COMMONWEALTH OF MASSACHUSETTS APPEALS COURT
Oct 2, 2015
11-P-2142 (Mass. App. Ct. Oct. 2, 2015)

Opinion

11-P-2142

10-02-2015

COMMONWEALTH v. TIMOTHY GARCIA.


NOTICE: Summary decisions issued by the Appeals Court pursuant to its rule 1:28, as amended by 73 Mass. App. Ct. 1001 (2009), are primarily directed to the parties and, therefore, may not fully address the facts of the case or the panel's decisional rationale. Moreover, such decisions are not circulated to the entire court and, therefore, represent only the views of the panel that decided the case. A summary decision pursuant to rule 1:28 issued after February 25, 2008, may be cited for its persuasive value but, because of the limitations noted above, not as binding precedent. See Chace v. Curran, 71 Mass. App. Ct. 258, 260 n.4 (2008).

MEMORANDUM AND ORDER PURSUANT TO RULE 1:28

After a jury trial, the defendant was convicted on four counts of rape of a child and five counts of procuring alcohol for a person under the age of twenty-one. His subsequent motion for a new trial was denied. In this consolidated appeal, the defendant argues, inter alia, that he was deprived of effective assistance of counsel; that the prosecutor improperly shifted the burden of proof regarding certain expert evidence; that the judge erred in admitting prejudicial prior bad acts evidence; and that his motion for a new trial was improperly denied.

The judge allowed the defendant's motion to revise and revoke two of the four counts of rape, dismissing so much of the charges as alleged that the rape was forcible rape, leaving instead convictions for statutory rape.

Background. The jury heard the following evidence. On August 1, 2009, the thirty year old defendant attended his niece's thirteenth birthday party at the home of his sister; the thirteen year old victim, a friend of the defendant's niece, was also present, as were several other young friends of the niece and the victim. During the day, the young girls took part in various birthday party activities, including a cookout. The party continued into the evening, with the girls, two boys from the neighborhood, and the defendant, sitting around a backyard fire pit; the other adults still at the party were inside the house.

At some point, the defendant and his niece walked about ten to fifteen feet away from the fire pit over to the corner of the yard; they were having a conversation, but could not be heard from where the others were seated at the fire pit. The niece then called the victim over to join the conversation. The defendant said that, since his niece was "not leaving the house and it's her birthday, she should have fun and [the defendant] figured [he] would get [the girls who were staying overnight] alcohol."
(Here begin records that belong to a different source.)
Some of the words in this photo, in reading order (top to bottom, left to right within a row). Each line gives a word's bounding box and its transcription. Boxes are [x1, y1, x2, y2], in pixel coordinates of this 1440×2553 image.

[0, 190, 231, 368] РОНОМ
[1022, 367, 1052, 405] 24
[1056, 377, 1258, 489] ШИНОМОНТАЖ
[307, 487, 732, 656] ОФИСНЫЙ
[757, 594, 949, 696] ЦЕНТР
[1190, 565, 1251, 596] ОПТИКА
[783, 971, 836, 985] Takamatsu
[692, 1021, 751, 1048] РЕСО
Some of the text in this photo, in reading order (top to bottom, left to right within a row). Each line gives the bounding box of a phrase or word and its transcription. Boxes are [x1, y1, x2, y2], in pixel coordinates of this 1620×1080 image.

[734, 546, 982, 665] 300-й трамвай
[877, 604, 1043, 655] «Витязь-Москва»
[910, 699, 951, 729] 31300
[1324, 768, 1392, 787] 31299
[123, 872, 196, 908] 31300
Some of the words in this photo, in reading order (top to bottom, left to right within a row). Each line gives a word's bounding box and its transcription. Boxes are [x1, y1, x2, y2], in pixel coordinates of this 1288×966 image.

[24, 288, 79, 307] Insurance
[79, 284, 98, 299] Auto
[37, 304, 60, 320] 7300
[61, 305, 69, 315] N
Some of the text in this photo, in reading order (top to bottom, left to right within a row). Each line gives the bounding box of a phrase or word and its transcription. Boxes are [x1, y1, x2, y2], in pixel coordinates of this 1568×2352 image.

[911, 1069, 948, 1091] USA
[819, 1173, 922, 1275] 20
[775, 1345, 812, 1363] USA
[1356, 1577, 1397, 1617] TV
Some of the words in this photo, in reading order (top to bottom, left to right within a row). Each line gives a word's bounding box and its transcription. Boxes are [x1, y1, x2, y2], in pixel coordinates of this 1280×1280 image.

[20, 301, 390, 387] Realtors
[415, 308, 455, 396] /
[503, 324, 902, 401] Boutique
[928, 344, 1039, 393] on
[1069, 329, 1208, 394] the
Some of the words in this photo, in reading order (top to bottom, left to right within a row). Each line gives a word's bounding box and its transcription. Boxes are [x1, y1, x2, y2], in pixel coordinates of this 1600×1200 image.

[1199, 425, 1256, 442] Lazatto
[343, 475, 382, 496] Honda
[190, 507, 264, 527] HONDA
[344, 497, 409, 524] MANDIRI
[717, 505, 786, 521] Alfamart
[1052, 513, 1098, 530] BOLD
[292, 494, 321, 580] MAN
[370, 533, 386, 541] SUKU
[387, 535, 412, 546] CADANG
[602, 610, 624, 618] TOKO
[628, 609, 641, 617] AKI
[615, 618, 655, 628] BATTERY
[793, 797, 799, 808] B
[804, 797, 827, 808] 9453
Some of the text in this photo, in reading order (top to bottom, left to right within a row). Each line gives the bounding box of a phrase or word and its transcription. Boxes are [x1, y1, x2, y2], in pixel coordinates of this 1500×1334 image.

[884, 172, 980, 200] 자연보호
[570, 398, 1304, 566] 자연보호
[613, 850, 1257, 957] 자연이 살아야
The defendant told the victim that his niece had told him that the victim liked to have fun, and the victim responded, "Yes, I do, I'm pretty sure every teenager does."

A short time later, the defendant left the party and then returned with some small bottles of alcohol (described as "nips") for the teenagers; the girls were in the front yard playing "manhunt" when the defendant called them over to his car to give them the alcohol. Most of the other girls did not want to drink the alcohol, but the victim drank "two and a half, three [nips] . . . good enough to get her drunk." After the victim became "out of it," the defendant suggested that the group of girls, including the victim, take a walk around the block. During the walk, the victim vomited, and then laid down on the street. Toward the end of the walk, the defendant gave the victim a "piggyback" ride back to the house.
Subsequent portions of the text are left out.